▶ **What is required**:
Transcribe the following entries letter for letter, without the pictures.

(Provided entries)

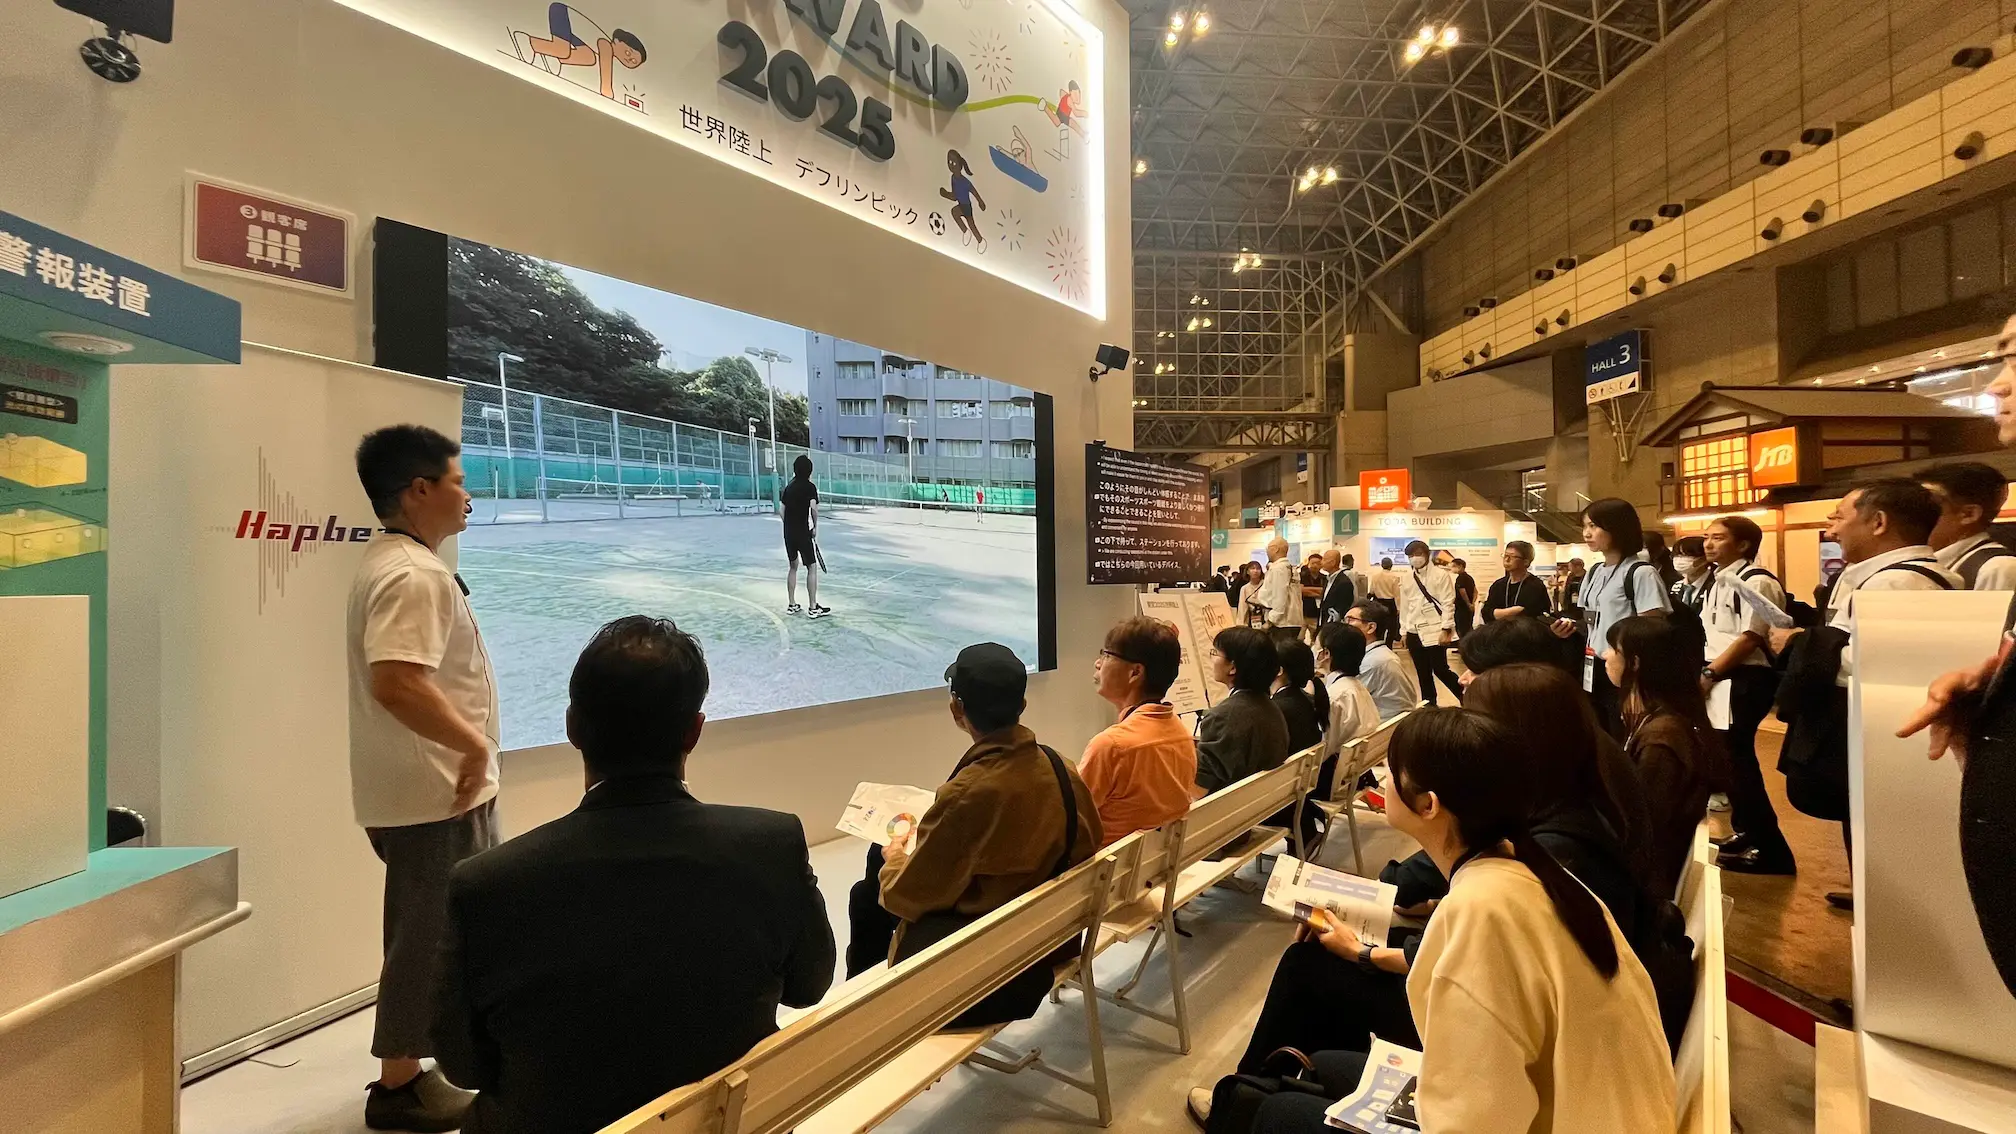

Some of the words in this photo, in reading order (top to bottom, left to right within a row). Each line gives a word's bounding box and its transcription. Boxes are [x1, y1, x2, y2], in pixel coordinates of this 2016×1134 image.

[717, 20, 895, 162] 2025
[679, 104, 773, 165] 世界陸上
[795, 157, 918, 225] デフリンピック
[0, 230, 151, 317] 警報装置
[1591, 357, 1616, 373] HALL
[1619, 344, 1631, 364] 3
[1753, 444, 1793, 473] JTB
[235, 510, 385, 552] Hapbe
[1411, 517, 1461, 526] BUILDING

(End Provided entries)

▶ **Written answer**:
Some of the words in this photo, in reading order (top to bottom, left to right within a row). Each line gives a word's bounding box and its transcription. Boxes are [x1, y1, x2, y2], in pixel coordinates of this 2016×1134 image.

[717, 20, 895, 162] 2025
[679, 104, 773, 165] 世界陸上
[795, 157, 918, 225] デフリンピック
[0, 230, 151, 317] 警報装置
[1591, 357, 1616, 373] HALL
[1619, 344, 1631, 364] 3
[1753, 444, 1793, 473] JTB
[235, 510, 385, 552] Hapbe
[1411, 517, 1461, 526] BUILDING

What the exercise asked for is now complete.